The way that these bears hunt using freshwater ice "might buy bears in that area a little bit more time, as pack ice continues to decline, because they are not solely reliant on the pack ice," says Atwood.

But most polar bears are completely dependent on the sea staying frozen for a long time each year, says Atwood, adding that research suggests that more than 180 days of ice-free conditions results in steep declines in polar bear populations, as the bears can't eat enough seals to survive and reproduce.

"The bears themselves have a basic job to accomplish. They've got to be on the ice for long enough to be able to kill enough seals to store enough fat to live for a year," says Ian Stirling, a polar bear biologist at the University of Alberta.
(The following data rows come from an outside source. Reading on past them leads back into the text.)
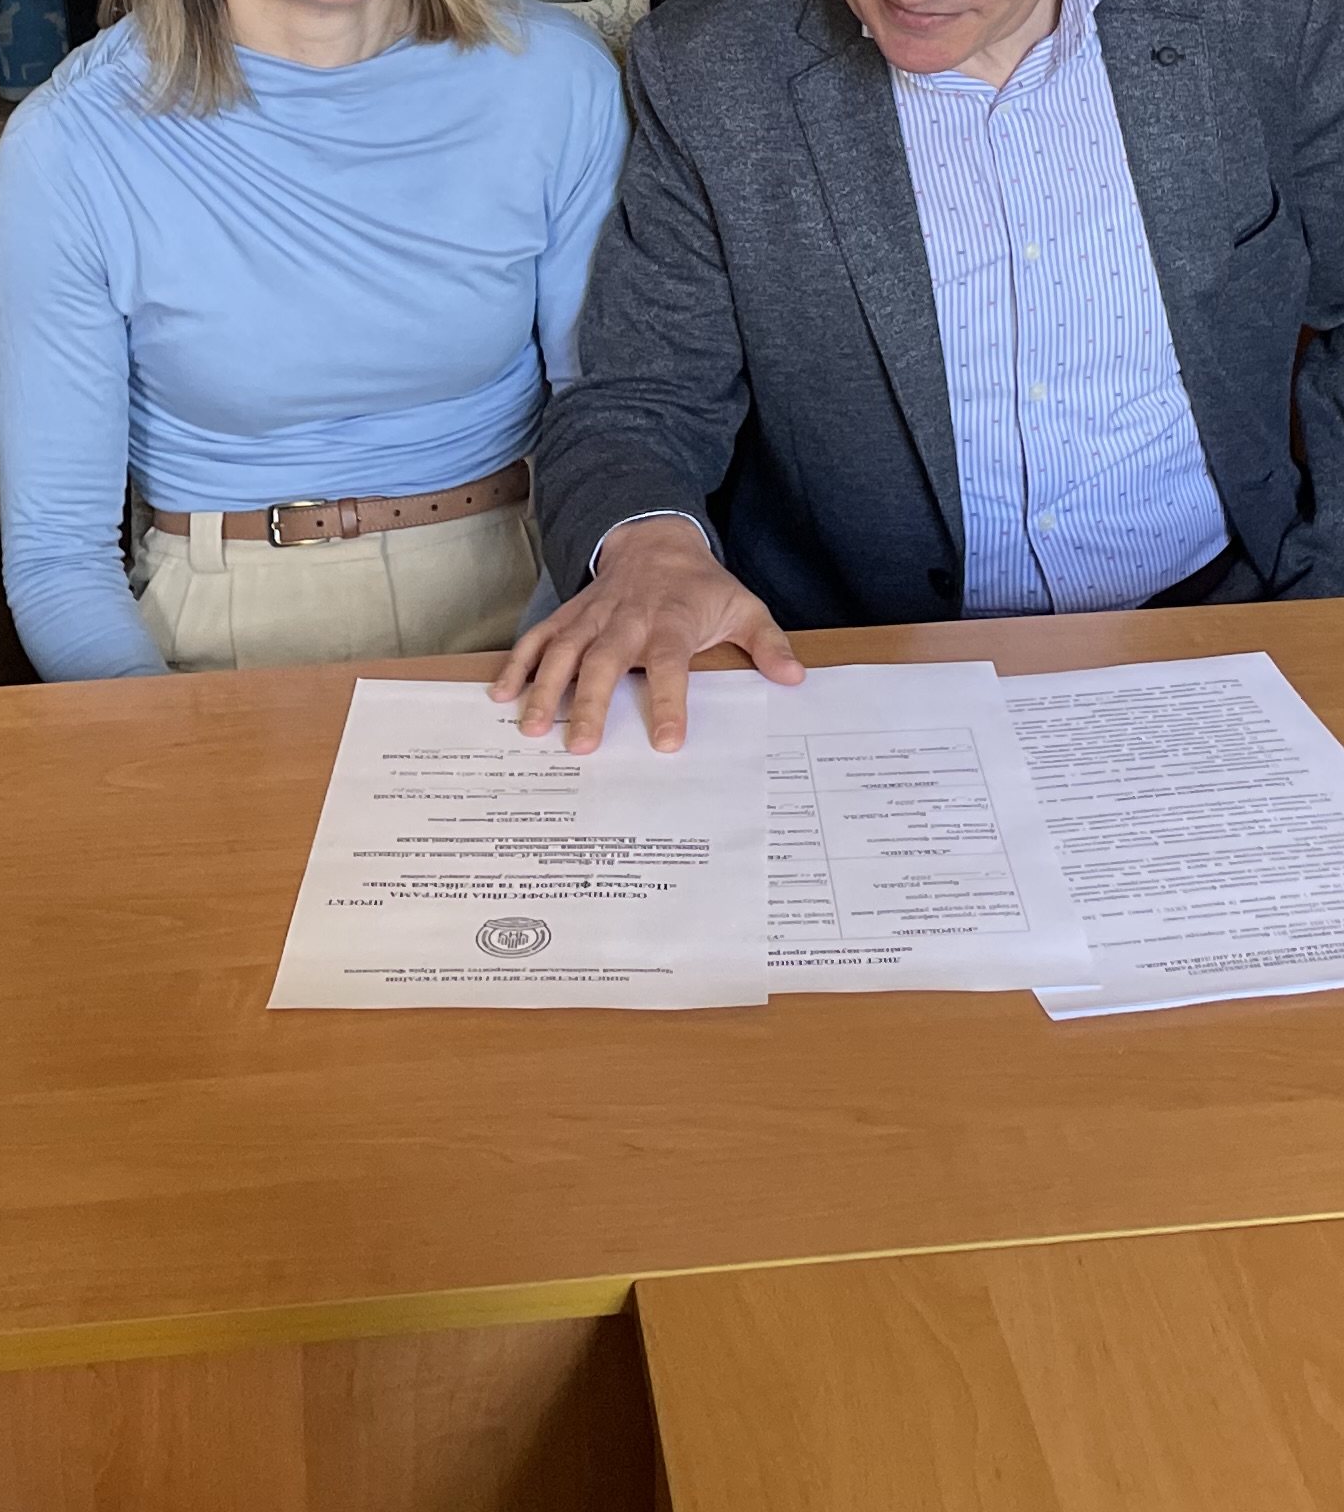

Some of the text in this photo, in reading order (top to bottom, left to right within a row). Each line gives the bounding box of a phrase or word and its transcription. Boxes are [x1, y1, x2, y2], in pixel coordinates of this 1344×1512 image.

[518, 879, 591, 889] філологія
[595, 880, 676, 890] «Польська
[388, 890, 647, 899] ОСВІТНЬО-ПРОФЕСІЙНА ПРОГРАМА
[864, 955, 901, 964] ЛИСТ
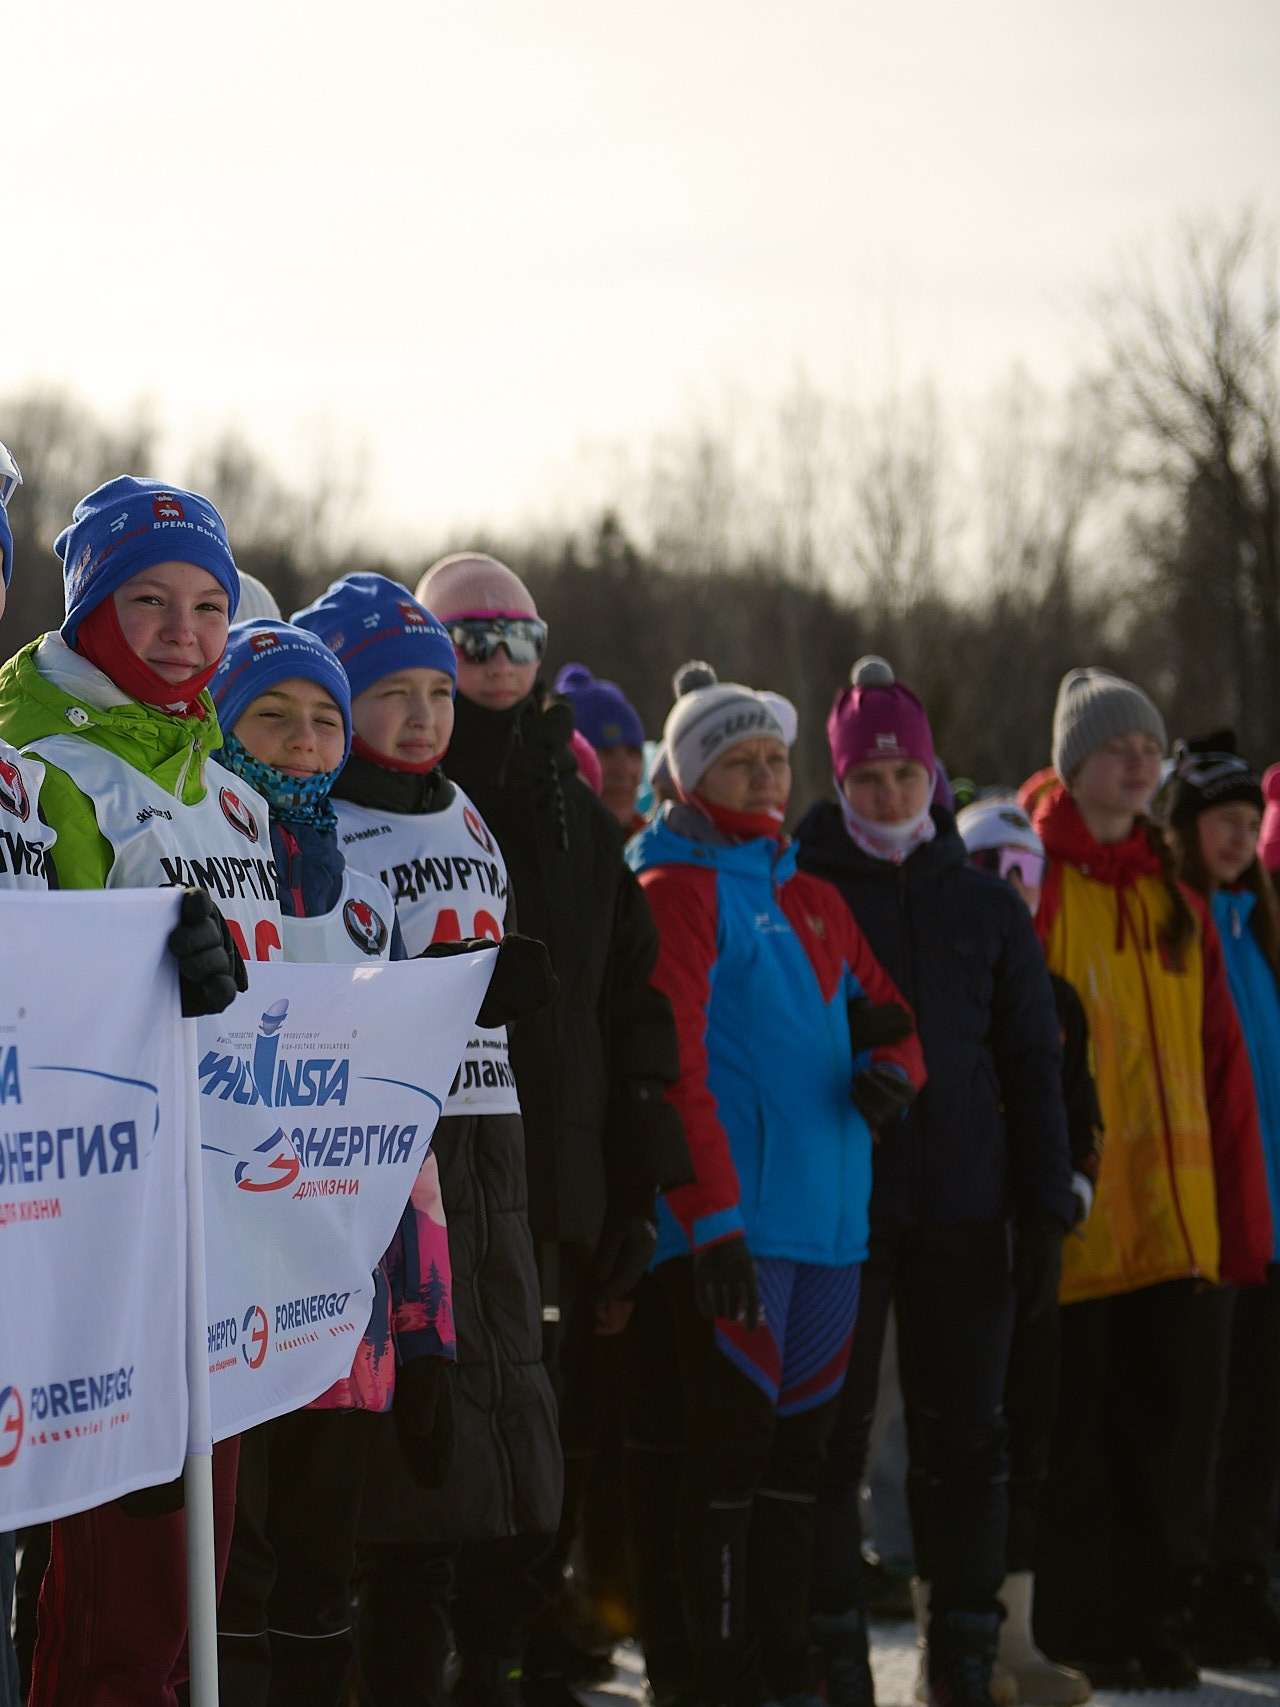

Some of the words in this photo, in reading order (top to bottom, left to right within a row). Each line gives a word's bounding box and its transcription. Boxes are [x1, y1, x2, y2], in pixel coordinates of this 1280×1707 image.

[153, 520, 194, 530] ВРЕМЯ
[196, 525, 224, 546] БЫТЬ
[253, 644, 289, 662] ВРЕМЯ
[292, 643, 322, 657] БЫТЬ
[342, 824, 393, 845] ski-leader.ru
[291, 1124, 419, 1168] ЭНЕРГИЯ
[275, 1291, 351, 1334] FORENERGO
[275, 1330, 320, 1353] industrial
The rare areas where polar bears have access to glacier ice, like southeast Greenland, won't serve as a potential refuge from climate change forever, says Stirling.

"If the climate continues to warm as it's projected to do, these areas too will become of no use or not enough use to the bears," says Stirling, noting that eventually the ends of the glaciers will melt away until they've retreated up on the land rather than extending out into the water. By that time that happens, he says, so much ice will have disappeared that "the bears will be long gone."